A relativistic conveyor belt is moving at speed 0.5c
relative to frame S.Two observers standing beside the
belt, 10 ft apart as measured in S, arrange that each
will paint a mark on the belt at exactly the same instant
(as measured in S). How far apart will the marks
be as measured by observers on the belt?


Homework Equations



gamma = 1/√(1-β^2) = 1.1547
L = L0/gamma

The Attempt at a Solution


This problem seems very easy and I think I might be missing something as a result.

I simply viewed the problem as the conveyor belt being stationary (and therefore the observers) and the people marking the belt to be moving at speed 0.5c.

I then used the length contraction formula to calculate that the markings on the conveyor belt as the length between the two people marking would be length contracted.

L = 10/ 1.1547 = 8.66 feet between the two markings.



is this right or am I missing something?
 
on Phys.org
Hello, serp777.

You have to be careful when using the length contraction formula: L = L0/gamma

L0 is the "proper" length of an object. This is the length of an object as measured in the reference frame in which the object is at rest.

L is the "non-proper" length.

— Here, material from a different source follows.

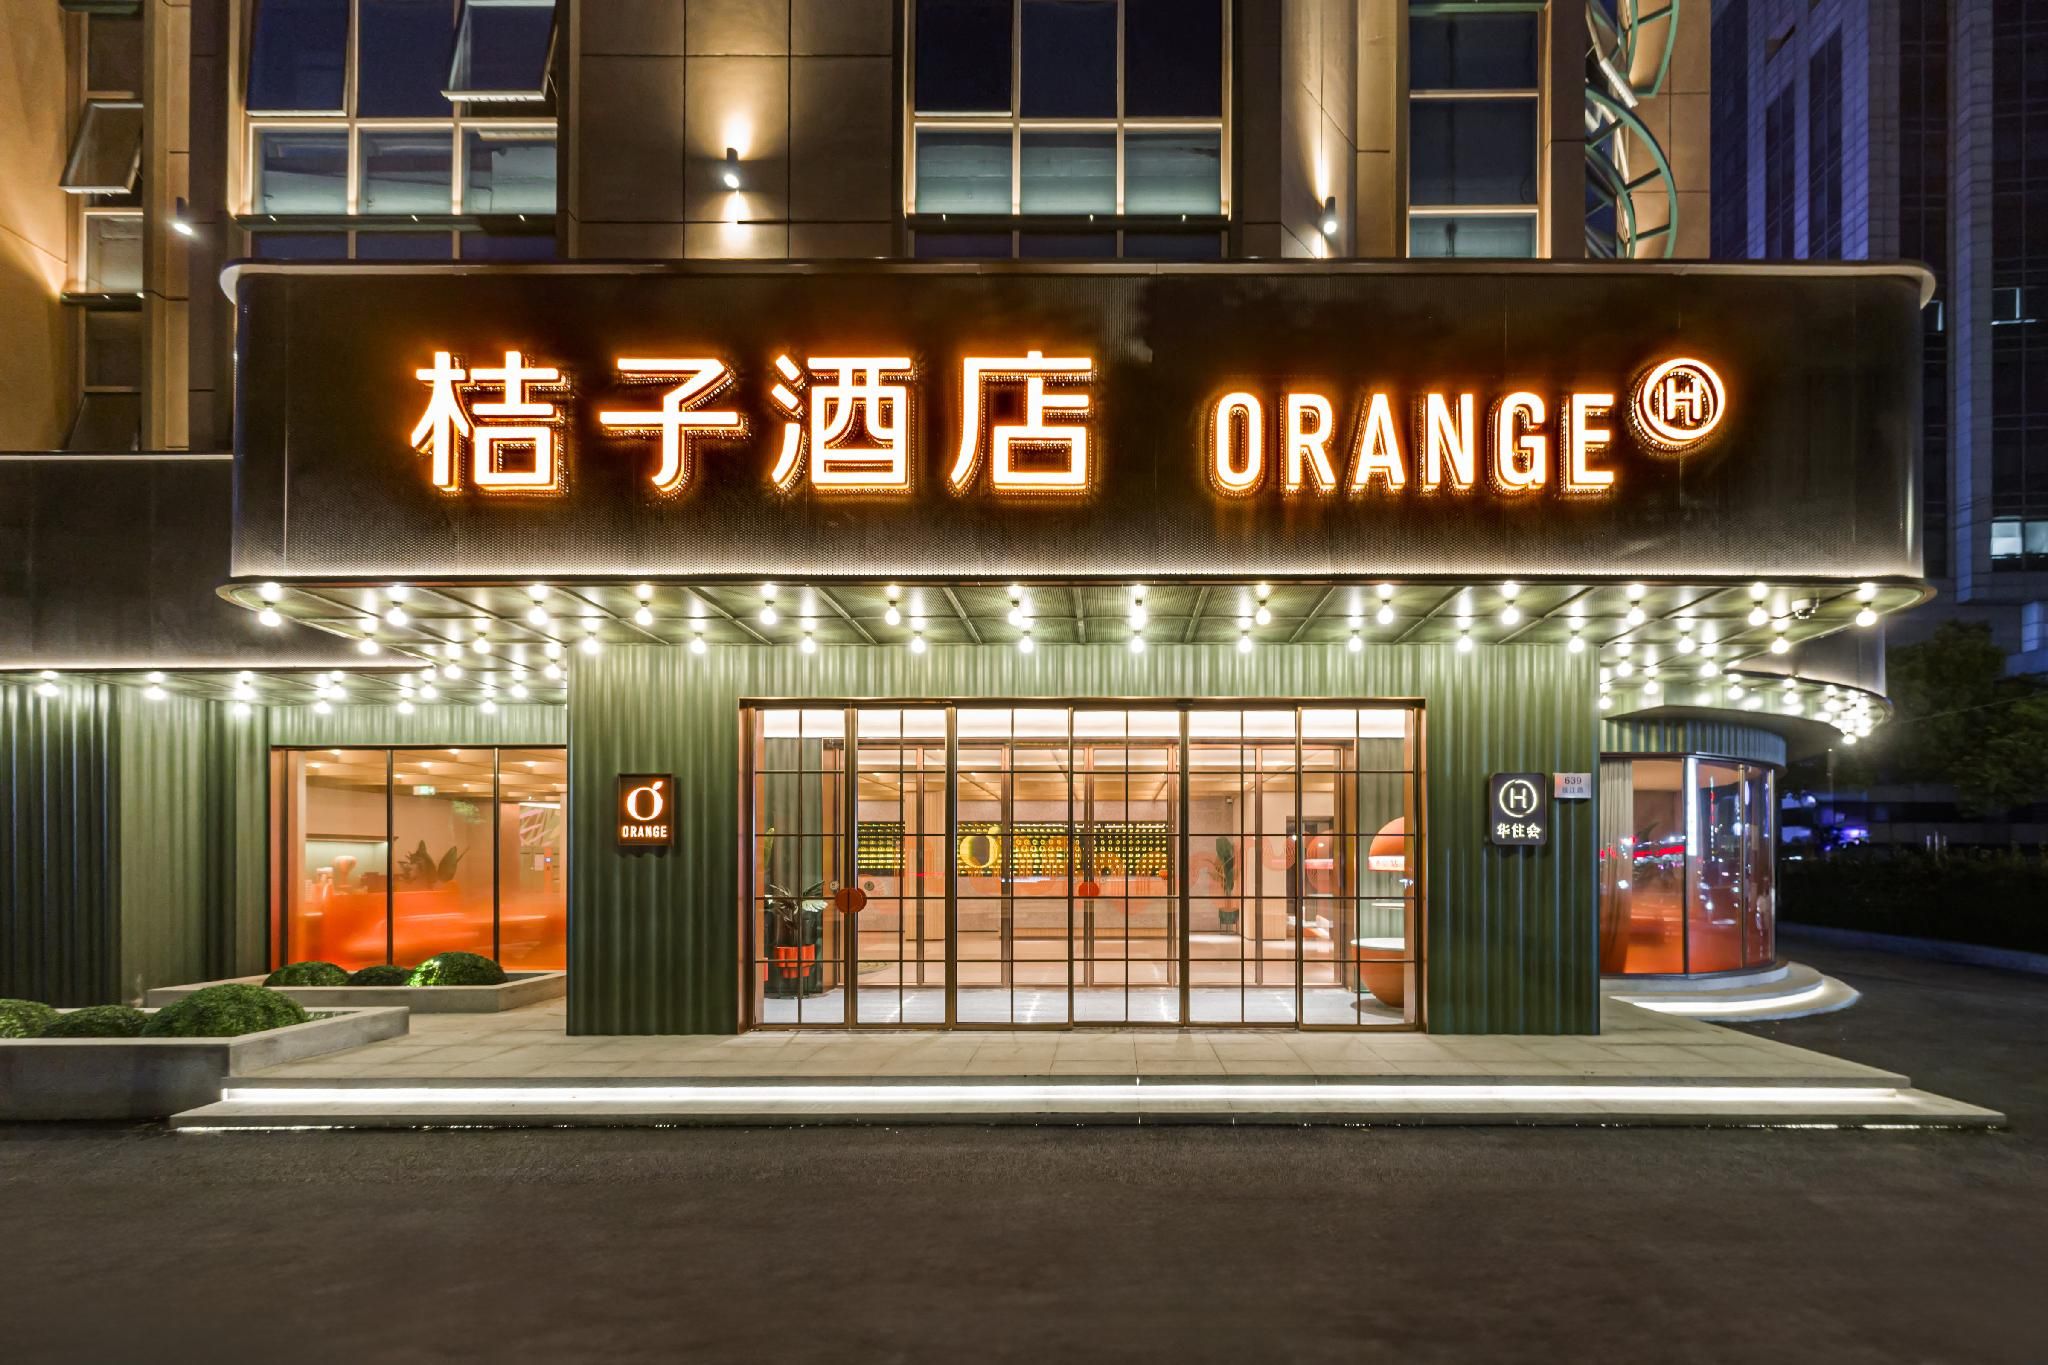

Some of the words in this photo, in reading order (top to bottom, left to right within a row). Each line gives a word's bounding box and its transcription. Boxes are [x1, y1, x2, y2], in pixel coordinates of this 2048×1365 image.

[411, 351, 1094, 491] 桔子酒店
[1212, 391, 1616, 492] ORANGE
[622, 825, 668, 838] ORANGE
[1496, 822, 1541, 839] 华住会

This is the length of an object as measured in a frame in which the object is moving and in which the length is defined as the distance between the locations of the ends of the object when the ends are observed simultaneously in this frame.

Once the two marks have been painted on the belt, you can think of the section of the belt between the marks as an object.

Which reference frame measures the proper length of this object and which frame measures the non-proper length?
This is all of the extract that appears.